Idaho Living Will

Idaho Living Will


I. Introduction

This Living will is deliberately created and executed by [YOUR NAME], who is of sound and composing mind and understanding. My primary purpose in making this living will is to assert and specify my desires and preferences towards my medical treatment, including life-prolonging procedures and end-of-life care, in the regrettable circumstance where I may not bear the capacity to do so myself due to incapacitation or any form of physical or mental debility.


II. Declaration of Desires

I, [YOUR NAME], hereby declare the following desires and preferences regarding my medical care:

  • Healthcare Decisions: I authorize my designated healthcare agent, [HEATCARE AGENT'S NAME], to make healthcare decisions on my behalf if I am unable to do so.

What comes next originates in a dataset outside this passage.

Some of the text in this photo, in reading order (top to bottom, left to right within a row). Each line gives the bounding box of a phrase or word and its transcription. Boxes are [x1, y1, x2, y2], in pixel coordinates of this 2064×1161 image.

  • Life-Sustaining Treatments: I request that life-sustaining treatments be administered or withheld according to the guidelines outlined below:

  • Cardiopulmonary resuscitation (CPR): Do Not Resuscitate

  • Mechanical ventilation: Not to be used

  • Artificial nutrition and hydration: Only if necessary for comfort

  • Dialysis: Not to be used


III. End-of-Life Care Preferences

If my attending physician determines that I have an incurable or irreversible condition that will cause my death imminently, I request the following:

  • Comfort Care: I request to receive medication and care focused on keeping me comfortable and alleviating pain.

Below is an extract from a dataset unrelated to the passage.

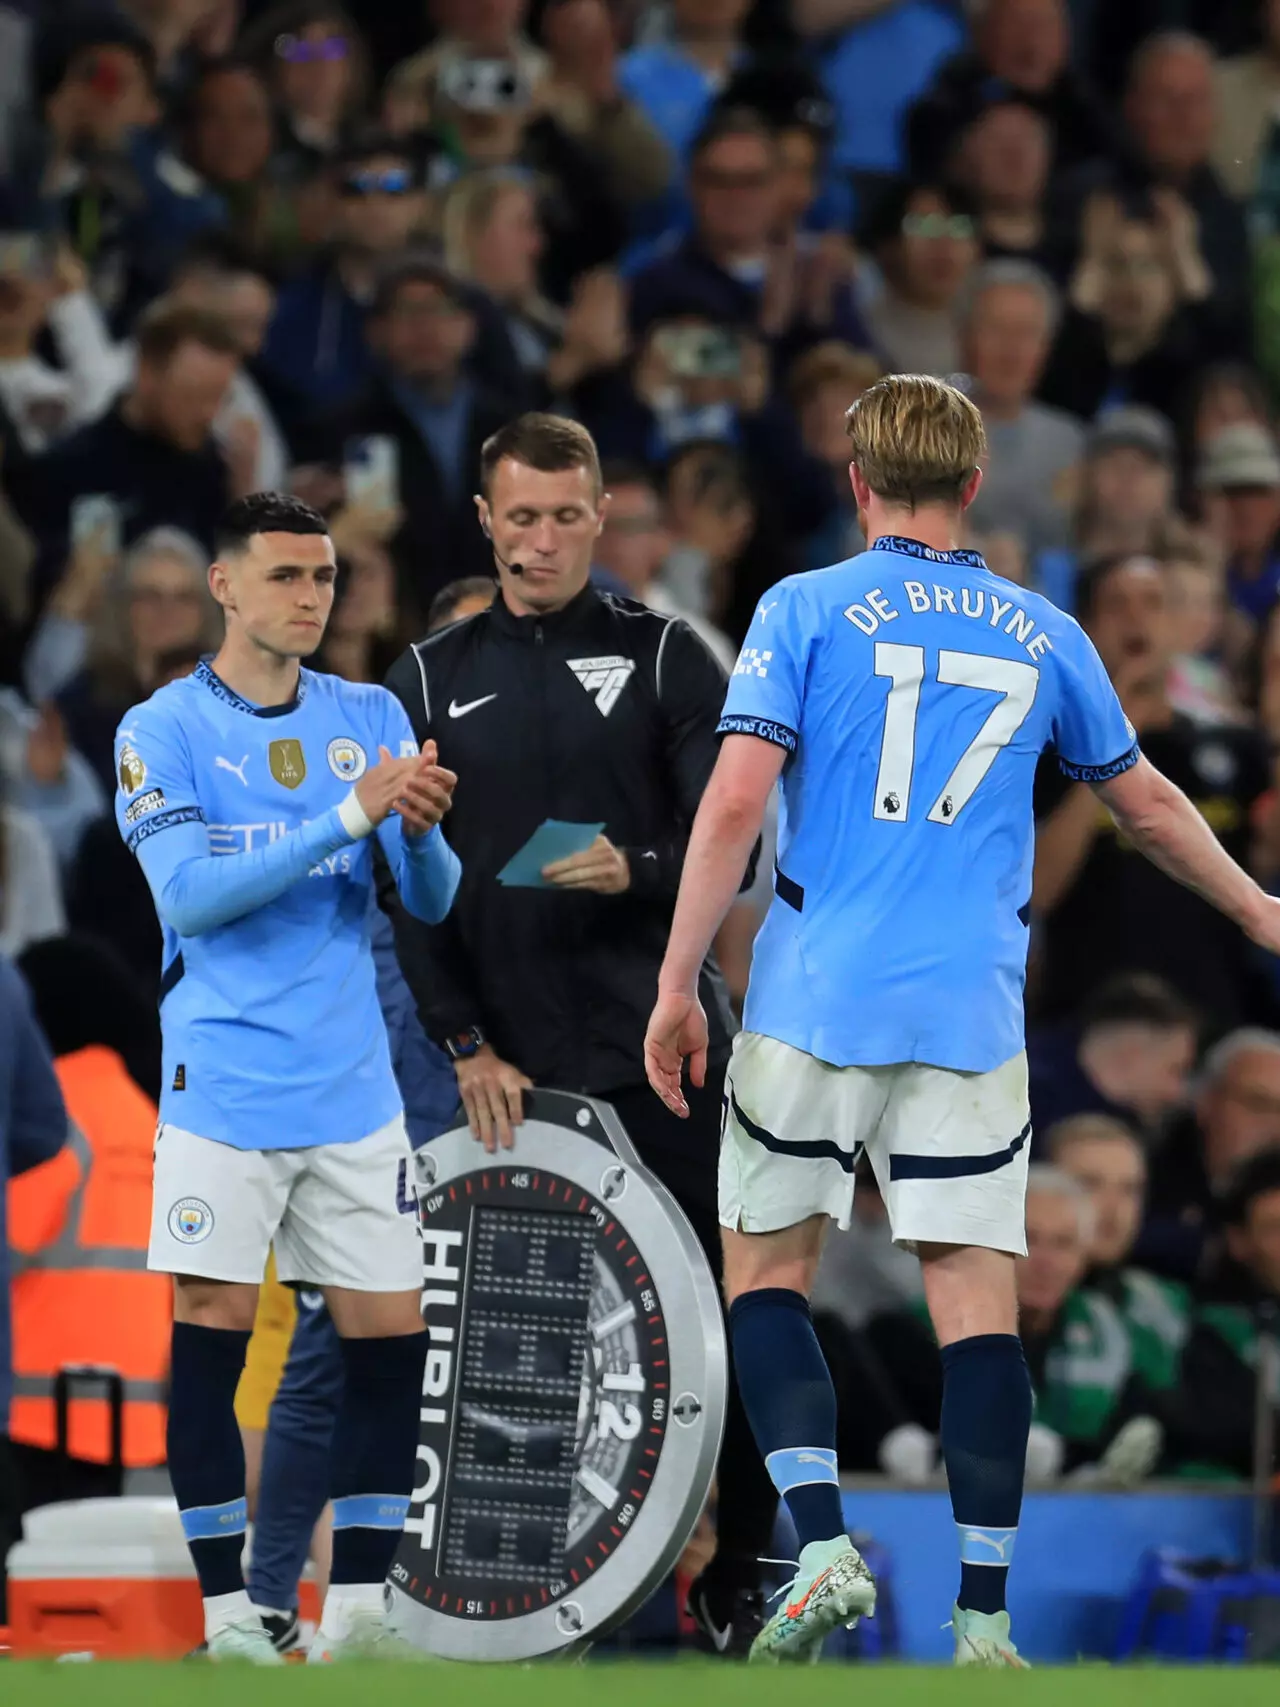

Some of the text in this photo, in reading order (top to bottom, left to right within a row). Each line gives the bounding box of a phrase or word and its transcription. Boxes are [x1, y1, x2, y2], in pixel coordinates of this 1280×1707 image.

  • Palliative Care: I desire palliative care that prioritizes quality of life over the prolongation of life.

  • Location of Care: I prefer to receive end-of-life care at Home.


IV. Organ and Tissue Donation

I hereby give permission, by all relevant and applicable laws and regulations, for my organs and tissues to be donated and used for either transplantation into another individual or to carry out medical research.


V. Miscellaneous

V.I Revocation

I maintain the authority, assuming that I am mentally capable and of a sound state of mind, to either revoke or alter the terms of this Living Will at any given time as per my discretion.

V.II Interpretation

The interpretation of this Living Will shall be governed and construed by the legislations, regulations, and laws that are applicable and enforced by the State of Idaho.


VI. Execution

This Living Will is executed willingly and without any undue influence, and I have a full understanding of its contents. I intend this Will to be my legal declaration concerning my medical treatments and end-of-life care preferences under the laws of Idaho.

[YOUR NAME]

[DATE SIGNED]


VII. Witnesses

This document was signed in the presence of:

Witness 1:

[WITNESS 1'S NAME]

[DATE SIGNED]

Witness 2:

[WITNESS 2'S NAME]

[DATE SIGNED]


VIII. Notarization

To confirm and substantiate the signing of this Living Will, this document must go through a process called notarization. It can be performed by a Notary Public or any other officer who is bestowed with the legal authorization to administer oaths. This is an essential step as it ensures the legitimacy of the document.